__Problem description__: Below is a listing; write it out exactly and drop any images from it.
★ ★ ★
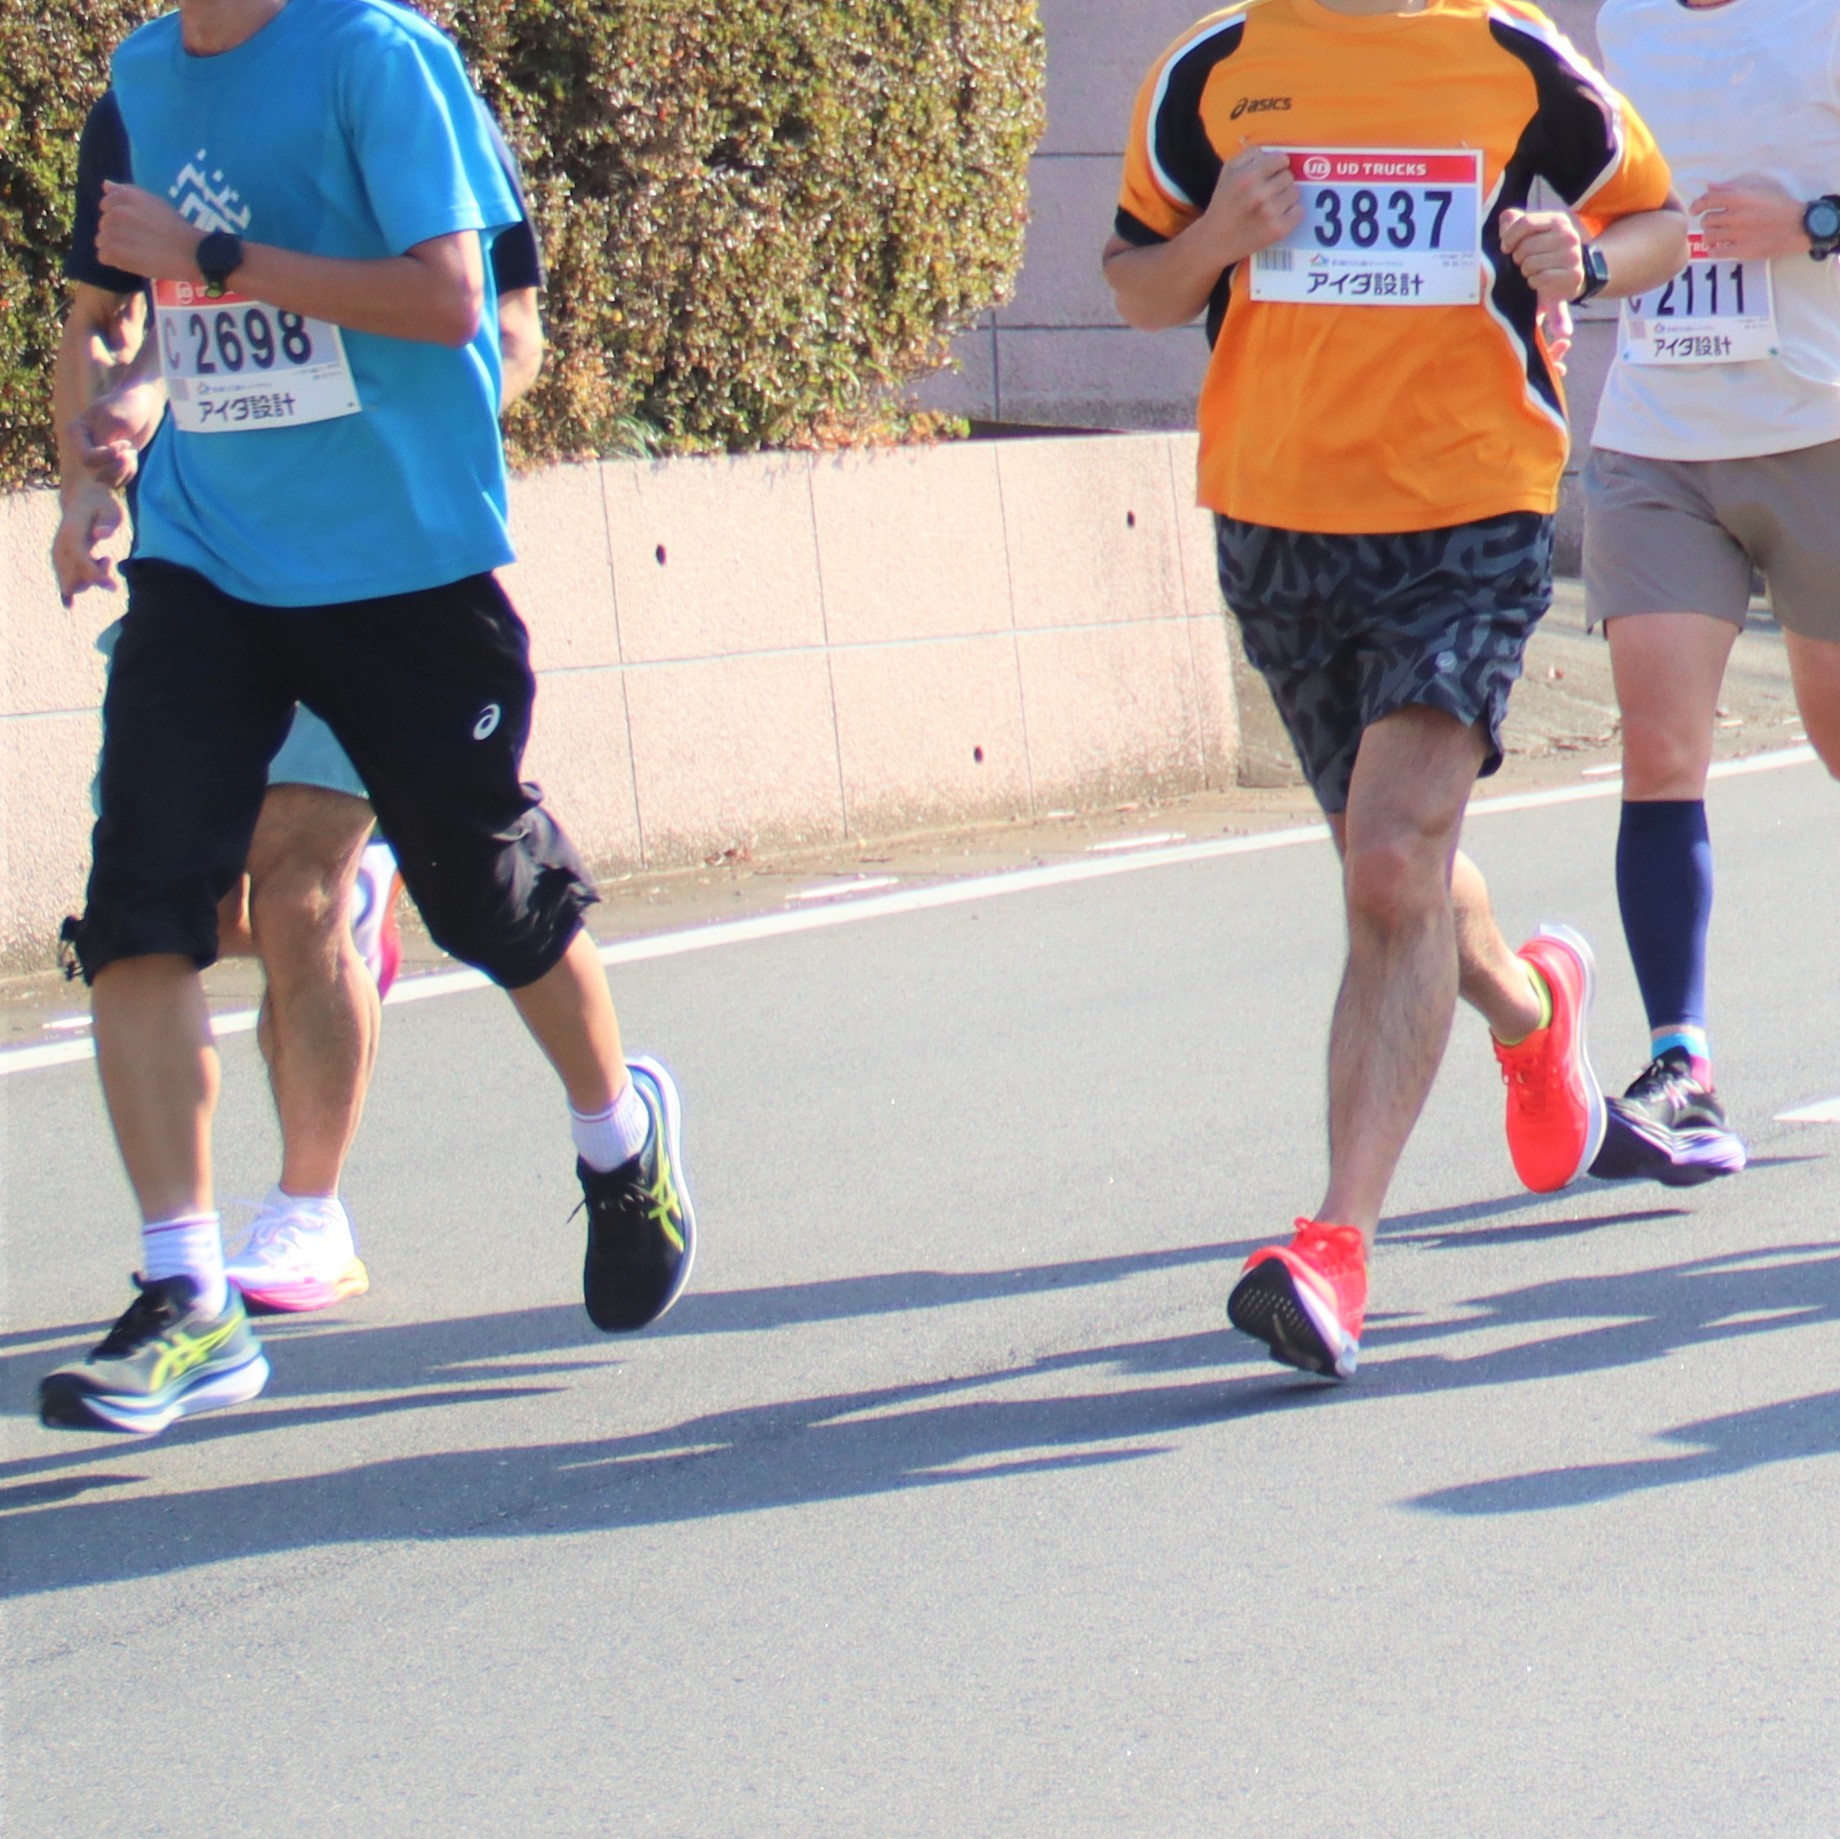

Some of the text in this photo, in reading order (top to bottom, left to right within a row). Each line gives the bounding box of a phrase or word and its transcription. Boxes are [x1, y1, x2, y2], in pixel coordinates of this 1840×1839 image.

[1336, 163, 1359, 175] UD
[1363, 163, 1427, 176] TRUCKS
[1314, 189, 1452, 249] 3837
[1307, 272, 1424, 296] アイダ設計
[1656, 264, 1744, 316] 2111
[165, 309, 311, 374] C 2698
[1655, 336, 1732, 357] アイダ設計
[198, 392, 295, 423] アイダ設計
★ ★ ★
__Answer box__:
Some of the text in this photo, in reading order (top to bottom, left to right within a row). Each line gives the bounding box of a phrase or word and its transcription. Boxes are [x1, y1, x2, y2], in pixel coordinates of this 1840×1839 image.

[1336, 163, 1359, 175] UD
[1363, 163, 1427, 176] TRUCKS
[1314, 189, 1452, 249] 3837
[1307, 272, 1424, 296] アイダ設計
[1656, 264, 1744, 316] 2111
[165, 309, 311, 374] C 2698
[1655, 336, 1732, 357] アイダ設計
[198, 392, 295, 423] アイダ設計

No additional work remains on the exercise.